關(guān)于金花茶天然種群遺傳多樣性較低、種群間遺傳變異較小等特點，筆者認為主要是兩個方面原因共同作用的結(jié)果。一是金花茶天然種群雖然曾廣泛分布于廣西南寧的扈寧區(qū)、隆安縣和扶綏縣及防城港市防城區(qū)、東興市等[2,9]，但隨著金花茶開發(fā)利用熱潮的興起，強烈的利益驅(qū)動使金花茶天然資源幾乎被挖掘破壞殆盡。此外，對金花茶花朵的大量需求導(dǎo)致金花茶種子難以形成，進而導(dǎo)致種群幼苗無法獲得有效補充。二是隨著經(jīng)濟社會發(fā)展，大量植被被破壞，金花茶生境嚴重片斷化、破碎化，種群內(nèi)近交頻率、遺傳漂變增加，等位基因流失，導(dǎo)致種群的遺傳多樣性和遺傳變異不斷降低?？梢?，人為干擾破壞及生態(tài)環(huán)境的惡化導(dǎo)致金花茶天然種群嚴重退化，分布范圍不斷縮小，種群數(shù)量急劇減少，與前期相關(guān)研究[6-9]相比，金花茶天然種群的遺傳多樣性及遺傳變異降低，種群間遺傳變異與其地理距離無明顯相關(guān)性。

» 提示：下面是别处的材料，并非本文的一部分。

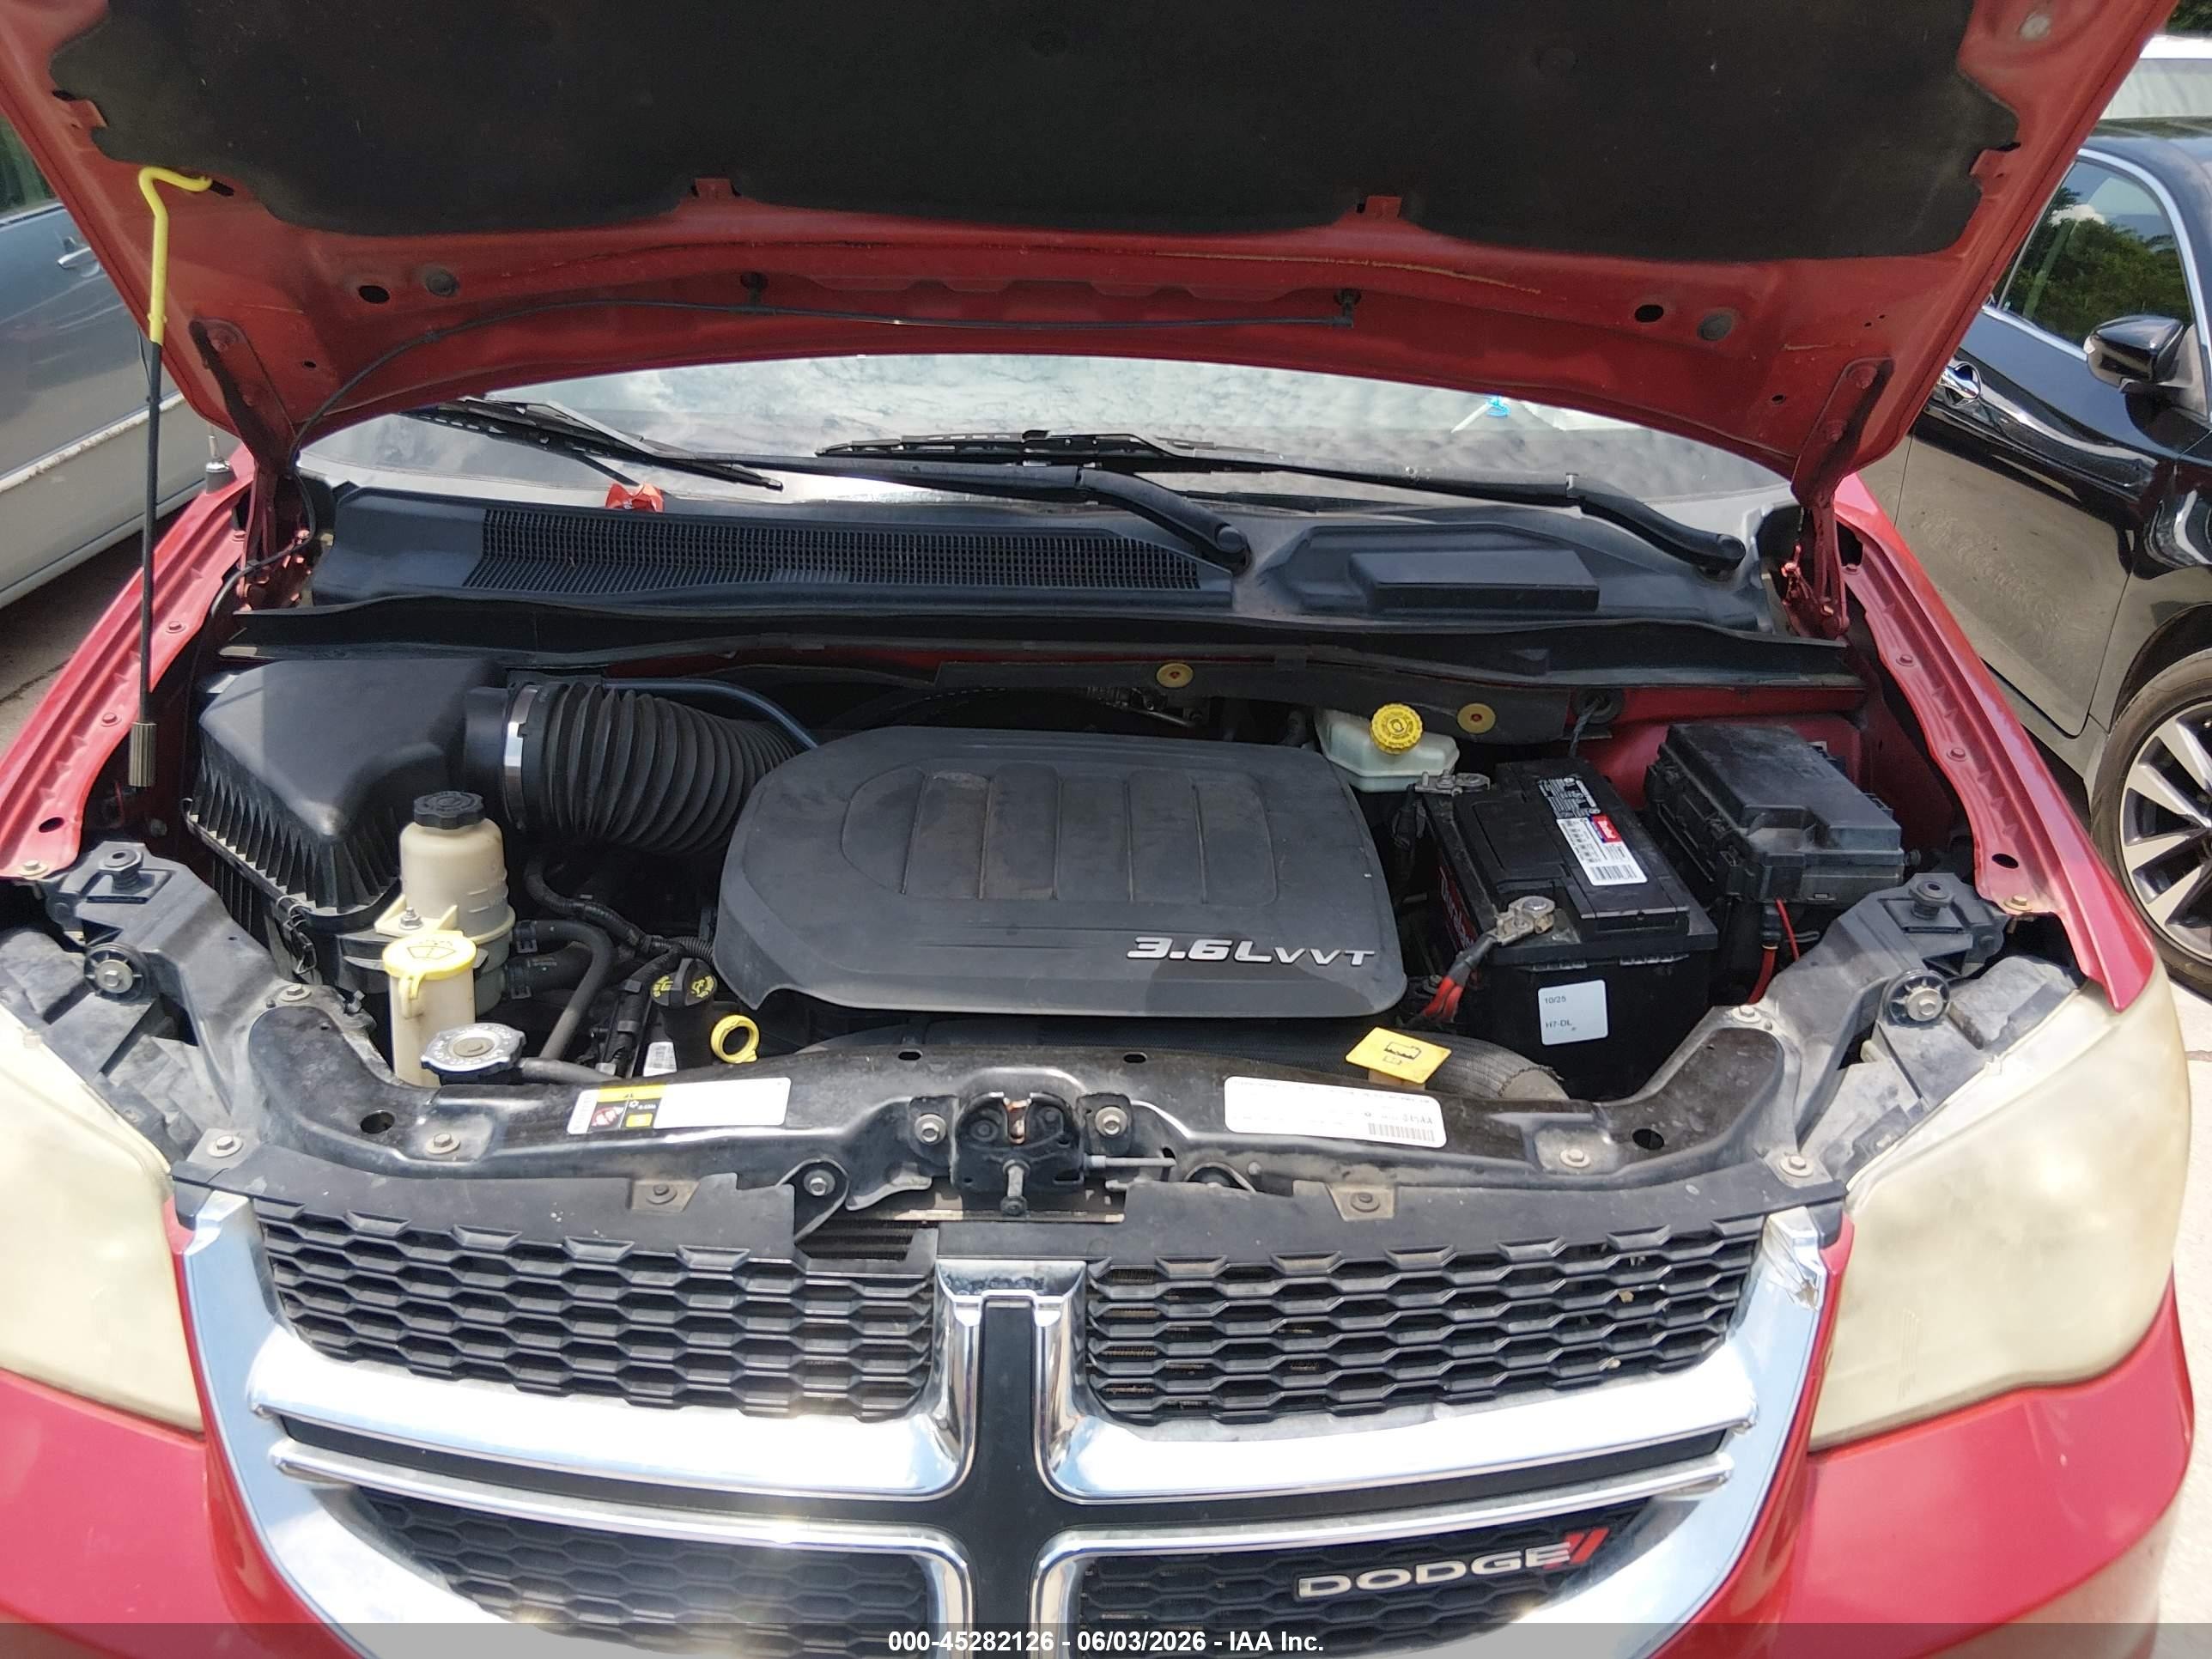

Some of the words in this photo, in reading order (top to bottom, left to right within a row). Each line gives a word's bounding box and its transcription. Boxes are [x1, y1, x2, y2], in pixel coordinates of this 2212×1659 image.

[1126, 935, 1273, 963] 3.6L
[1274, 945, 1376, 966] VVT
[1298, 1541, 1571, 1599] DODGE

韋霄等[9]采集了金花茶主要分布區(qū)內(nèi)種子，利用種子培育出的實生樹建立了金花茶種質(zhì)圃，采用ISSR標記對金花茶種質(zhì)圃內(nèi)3個種群進行遺傳多樣性分析，與天然種群遺傳參數(shù)比較，認為遷地保護基本上保護了金花茶的遺傳多樣性，具有一定可行性。鑒于金花茶種群遺傳變異主要存在于種群內(nèi)個體間，建議對金花茶現(xiàn)有種群實施就地保護，建立金花茶種群保護區(qū)，嚴禁人為采挖、摘花等干擾活動，同時對其生長環(huán)境進行嚴格保護，保持其生存的生態(tài)系統(tǒng)，促進種群自然更新。在就地保護的基礎(chǔ)上實施遷地保護，通過采種育苗、扦插繁殖等方式進行人工繁殖，建立種質(zhì)資源圃進行遷地保護，對人工栽培群體進行仿生栽培、回歸自然馴化及回遷等，從而逐漸恢復(fù)并保護金花茶種群數(shù)量及遺傳多樣性。

4 結(jié)論

目前，金花茶物種水平基因多樣性指數(shù)和Shannon信息指數(shù)為0.146和0.246，種群水平基因多樣性指數(shù)和Shannon信息指數(shù)為0.131和0.215，遠低于已有金花茶天然種群的研究結(jié)果；4個金花茶天然種群的多態(tài)位點百分率、基因多樣性指數(shù)和Shannon信息指數(shù)變化趨勢一致。金花茶種群內(nèi)遺傳變異為81.52%，種群間遺傳變異為18.48%，遺傳變異主要存在于種群內(nèi)個體間；種群間遺傳變異與其地理距離無明顯相關(guān)性。金花茶天然種群遭受了嚴重的干擾破壞，種群嚴重退化，分布范圍持續(xù)縮小，種群數(shù)量大幅度減少，遺傳多樣性大大降低。根據(jù)金花茶遺傳多樣性和遺傳結(jié)構(gòu)特點，應(yīng)建立金花茶天然種群保護區(qū)，對種群實施就地保護，同時保護其生境條件及生態(tài)系統(tǒng)，促進其種群自然更新；應(yīng)建立金花茶種質(zhì)資源圃，進行遷地保護。